London Daily

Focus on the big picture.
Tuesday, Oct 14, 2025

NHS fees to be scrapped for overseas health staff and care workers

NHS fees to be scrapped for overseas health staff and care workers

NHS staff and care workers from overseas will no longer have to pay an extra charge towards the health service after mounting pressure from MPs.

Boris Johnson's spokesman said the PM had asked the Home Office and Department for Health to exempt NHS and care workers "as soon as possible".

Labour leader Sir Keir Starmer said it was "a victory for common decency".

The health immigration surcharge on non-EU migrants is £400 per year and set to rise to £624 in October.

The move to grant the exemption came after the PM's spokesman defended the fee earlier on Thursday.

Officials are now working on the detail and more will be announced "in the coming days".

But it is understood the plan will include exemptions for all NHS workers, including porters and cleaners, as well as independent health workers and social care workers.

The chief executive of the Royal College of Nursing, Dame Donna Kinnair, said the charge had created "an unfair and unjust financial burden", adding: "At last the government has agreed with us.

"This will ease the pressure on families who may be struggling financially or emotionally as a result."

Mr Johnson himself stood by the charge on Wednesday, telling MPs he "understood the difficulties faced by our amazing NHS staff", but said the government "must look at the realities" of funding the NHS.

It caused a backlash, with a number of Tory MPs joining opposition MPs in calling for him to reconsider - including the Tory chairman of the Commons public administration select committee, William Wragg, and his backbench colleague Sir Roger Gale.

Earlier, No 10 defended the levy, saying the money "goes directly back into the NHS to help save lives".

But now Mr Johnson's spokesman has said: "[The PM] has been thinking about this a great deal.

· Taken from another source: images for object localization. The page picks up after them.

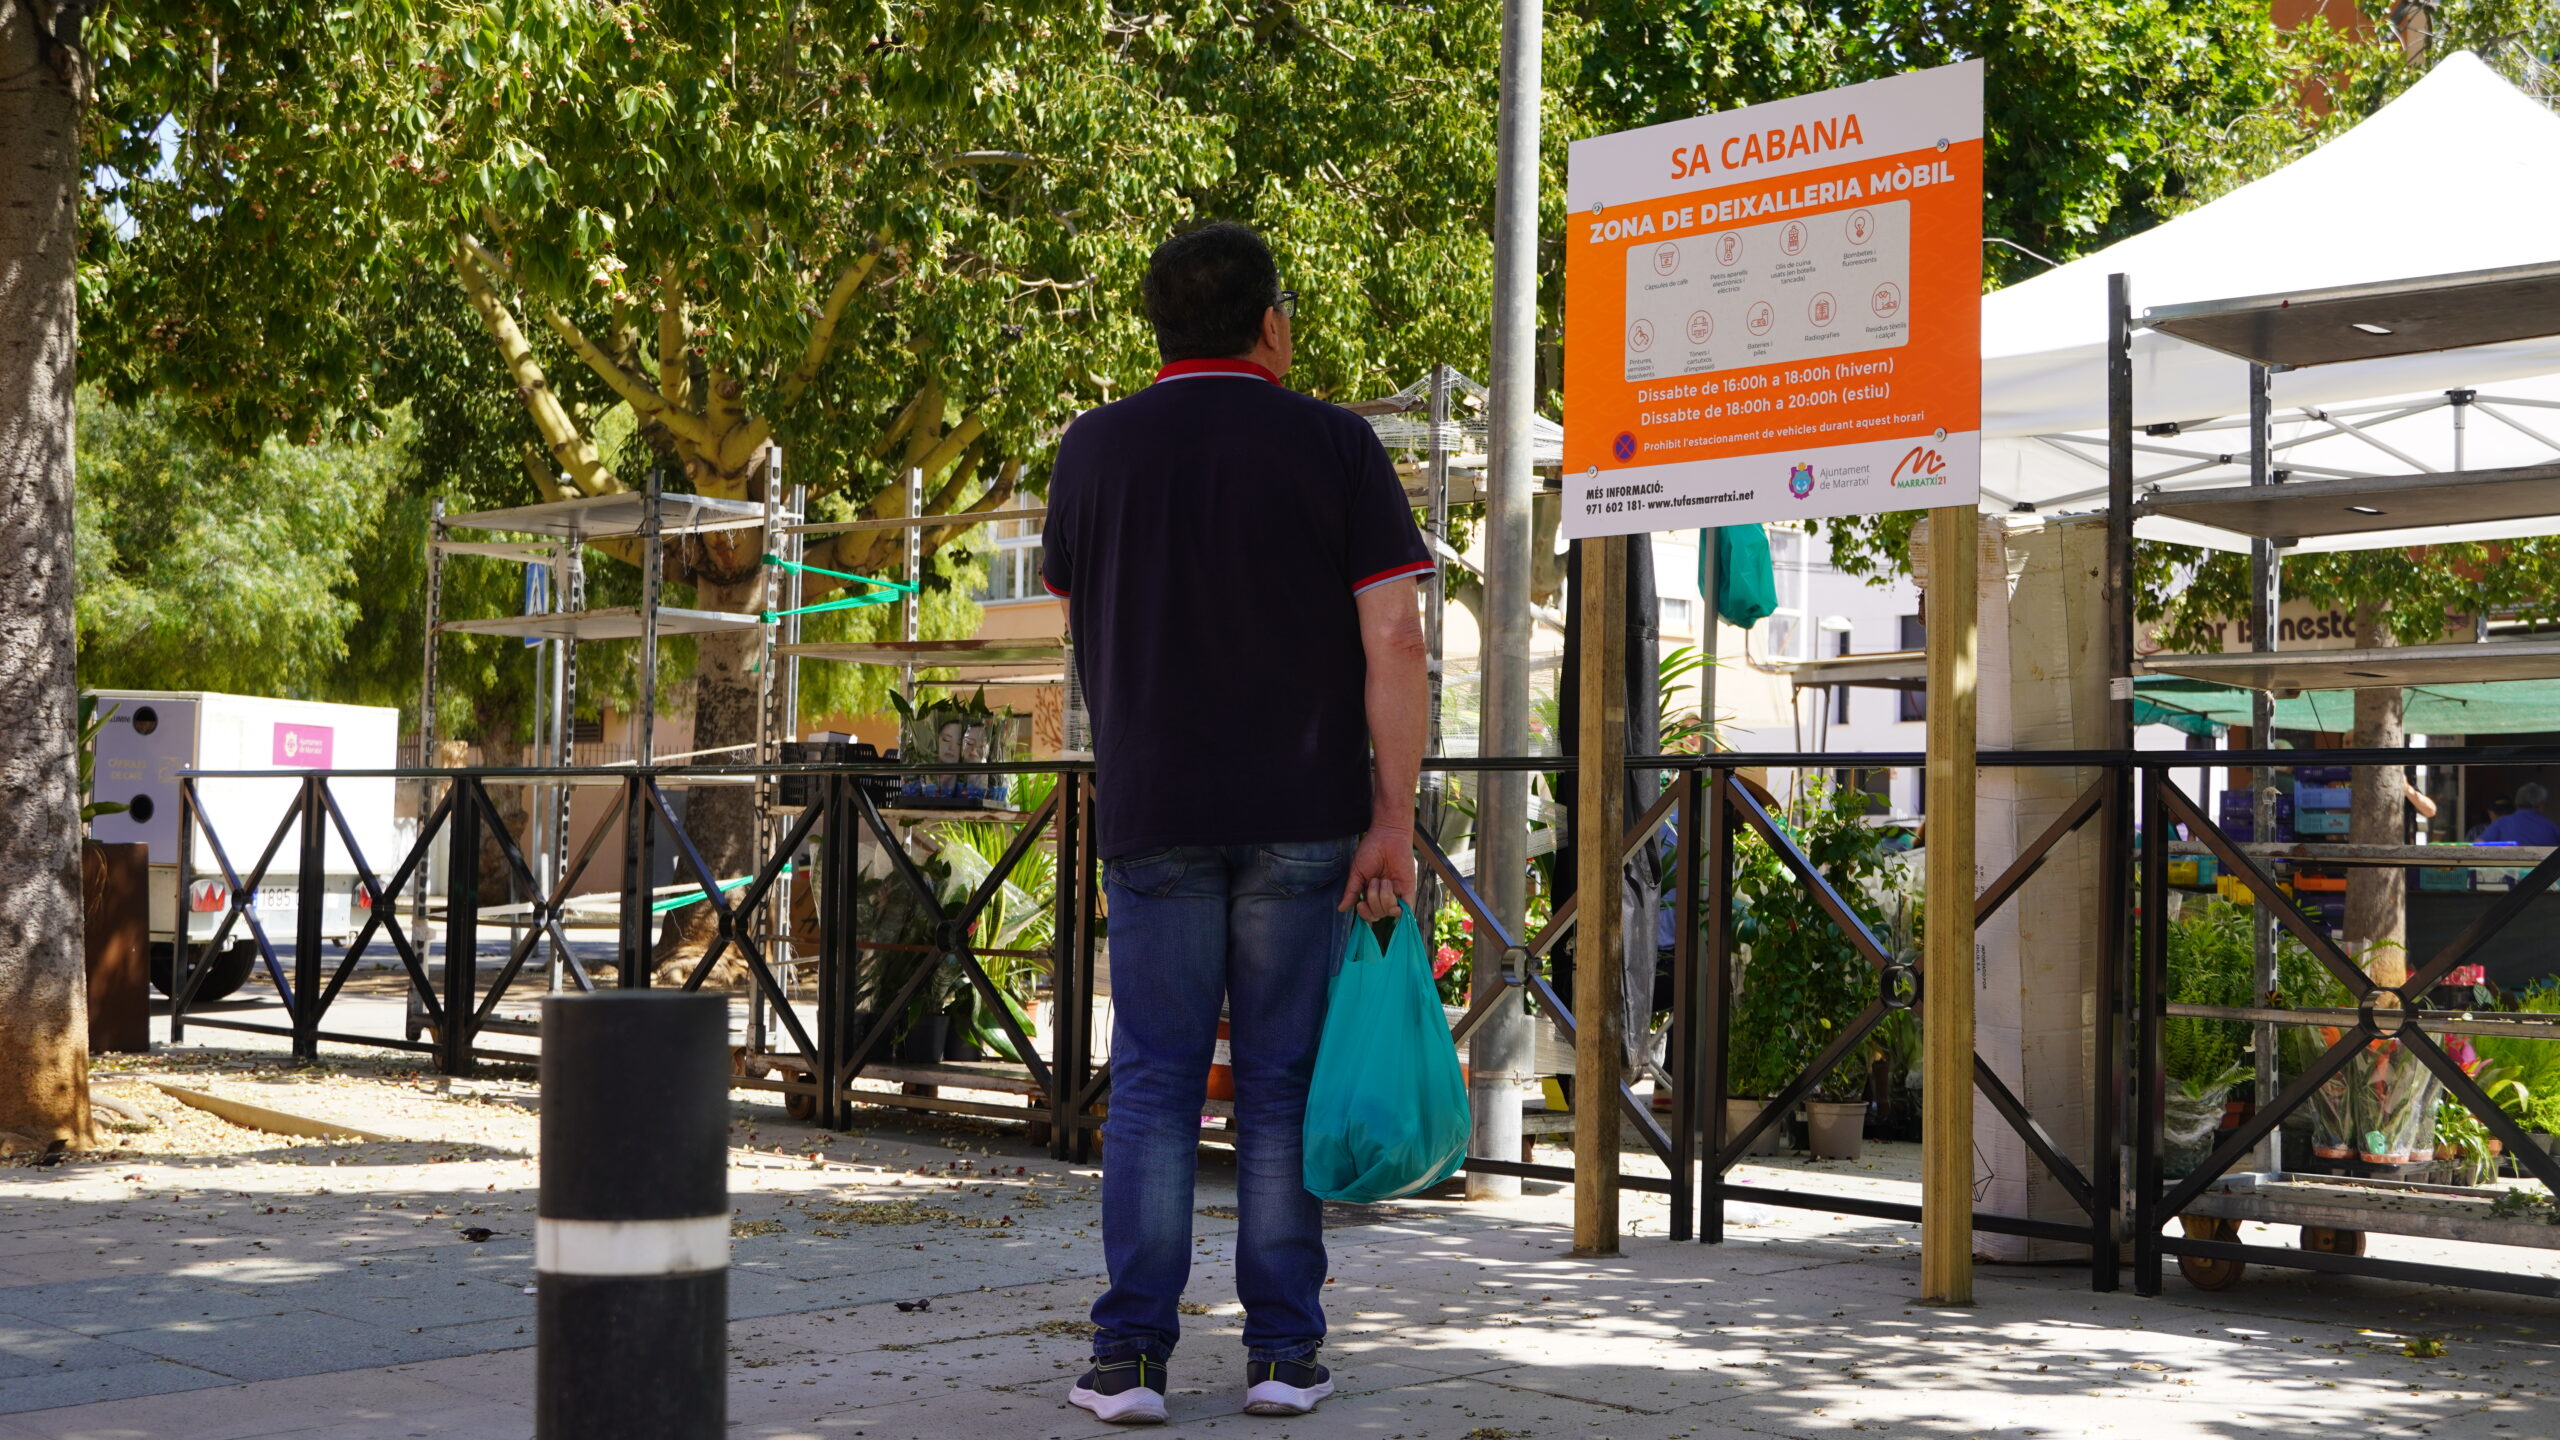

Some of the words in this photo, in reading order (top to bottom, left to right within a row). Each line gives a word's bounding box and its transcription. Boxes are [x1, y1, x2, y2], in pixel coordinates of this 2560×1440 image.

[1671, 144, 1711, 180] SA
[1721, 113, 1864, 170] CABANA
[1589, 214, 1656, 244] ZONA
[1662, 206, 1694, 232] DE
[1701, 177, 1863, 225] DEIXALLERIA
[1869, 160, 1955, 196] MÒBIL
[1796, 260, 1811, 268] cuina
[1842, 257, 1877, 267] fluorescents
[1710, 273, 1726, 281] Petits
[1727, 270, 1748, 279] aparells
[1770, 271, 1786, 279] usats
[1796, 266, 1816, 275] botella
[1804, 331, 1840, 342] Radiografies
[1866, 324, 1888, 334] Residus
[1878, 332, 1896, 340] calçat
[1747, 342, 1770, 350] Bateries
[1753, 349, 1767, 357] piles
[1686, 356, 1712, 366] cartutxos
[1638, 385, 1698, 403] Dissabte
[1701, 380, 1719, 396] de
[1722, 374, 1768, 392] 16:00h
[1772, 374, 1780, 386] a
[1784, 366, 1831, 384] 18:00h
[1835, 356, 1894, 380] (hivern)
[1641, 408, 1701, 426] Dissabte
[1704, 404, 1722, 418] de
[1726, 398, 1771, 416] 18:00h
[1776, 399, 1784, 410] a
[1788, 389, 1838, 409] 20:00h
[1842, 382, 1890, 404] (estiu)
[1644, 438, 1682, 452] Prohibit
[1683, 430, 1760, 448] l'estacionament
[1762, 428, 1774, 439] de
[1776, 424, 1817, 437] vehicles
[1820, 420, 1854, 432] durant
[1856, 415, 1891, 430] aquest
[1893, 410, 1924, 424] horari
[1820, 464, 1871, 479] Ajuntament
[1586, 486, 1604, 500] MÉS
[1606, 480, 1664, 498] INFORMACIÓ:
[1820, 480, 1830, 490] de
[1832, 475, 1870, 490] Marratxí
[1586, 503, 1602, 515] 971
[1605, 501, 1623, 514] 602
[1648, 489, 1754, 510] www.tufasmarratxi.net
[2238, 609, 2356, 644] Bnesto
[262, 888, 291, 907] 1895

He has been a personal beneficiary of carers from abroad and understands the difficulties faced by our amazing NHS staff.

"The purpose of the NHS surcharge is to benefit the NHS, help to care for the sick and save lives. NHS and care workers from abroad who are granted visas are doing this already by the fantastic contribution which they make."

The change was welcomed by Labour, as the party had been planning to seek an amendment to the Immigration Bill to secure the exemption.

Sir Keir tweeted: "Boris Johnson is right to have u-turned and backed our proposal to remove the NHS charge for health professionals and care workers.

"This is a victory for common decency and the right thing to do. We cannot clap our carers one day and then charge them to use our NHS the next."

Mr Wragg also praised the decision, saying the PM had "shown true leadership, listened and reflected".

The leader of the SNP in Westminster, Ian Blackford, said he was "pleased to see the change of heart after pressure", while the acting leader of the Liberal Democrats, Sir Ed Davey, called it "a great cross-party win".

The change was also welcomed by of Joint Council for the Welfare of Immigrants.

But the charity's chief executive Satbir Singh added: "It's depressing that it's taken nearly two months for the government to listen."


Estimated costs

The surcharge is currently paid by non-European Economic Area (EEA) nationals coming to the UK for longer than six months.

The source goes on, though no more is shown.